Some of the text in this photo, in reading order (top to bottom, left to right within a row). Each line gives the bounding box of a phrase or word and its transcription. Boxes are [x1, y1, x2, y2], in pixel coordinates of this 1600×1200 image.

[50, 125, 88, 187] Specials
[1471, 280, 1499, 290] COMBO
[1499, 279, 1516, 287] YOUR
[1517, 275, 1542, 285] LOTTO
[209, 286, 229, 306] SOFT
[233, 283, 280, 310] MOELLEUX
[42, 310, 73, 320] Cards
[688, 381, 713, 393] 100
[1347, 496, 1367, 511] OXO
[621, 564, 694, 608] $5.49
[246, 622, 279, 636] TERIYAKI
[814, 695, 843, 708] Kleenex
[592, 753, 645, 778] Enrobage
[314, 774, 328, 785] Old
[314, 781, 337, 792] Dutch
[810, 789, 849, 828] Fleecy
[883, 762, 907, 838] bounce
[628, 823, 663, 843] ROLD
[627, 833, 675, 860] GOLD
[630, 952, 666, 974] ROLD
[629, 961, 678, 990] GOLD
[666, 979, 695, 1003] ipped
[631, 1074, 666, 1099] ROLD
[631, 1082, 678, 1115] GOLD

▬▬▬▬▬▬

- Problem statement
Your task is to print all of the records exactly.

- Exercise response
Some of the text in this photo, in reading order (top to bottom, left to right within a row). Each line gives the bounding box of a phrase or word and its transcription. Boxes are [x1, y1, x2, y2], in pixel coordinates of this 1600×1200 image.

[50, 125, 88, 187] Specials
[1471, 280, 1499, 290] COMBO
[1499, 279, 1516, 287] YOUR
[1517, 275, 1542, 285] LOTTO
[209, 286, 229, 306] SOFT
[233, 283, 280, 310] MOELLEUX
[42, 310, 73, 320] Cards
[688, 381, 713, 393] 100
[1347, 496, 1367, 511] OXO
[621, 564, 694, 608] $5.49
[246, 622, 279, 636] TERIYAKI
[814, 695, 843, 708] Kleenex
[592, 753, 645, 778] Enrobage
[314, 774, 328, 785] Old
[314, 781, 337, 792] Dutch
[810, 789, 849, 828] Fleecy
[883, 762, 907, 838] bounce
[628, 823, 663, 843] ROLD
[627, 833, 675, 860] GOLD
[630, 952, 666, 974] ROLD
[629, 961, 678, 990] GOLD
[666, 979, 695, 1003] ipped
[631, 1074, 666, 1099] ROLD
[631, 1082, 678, 1115] GOLD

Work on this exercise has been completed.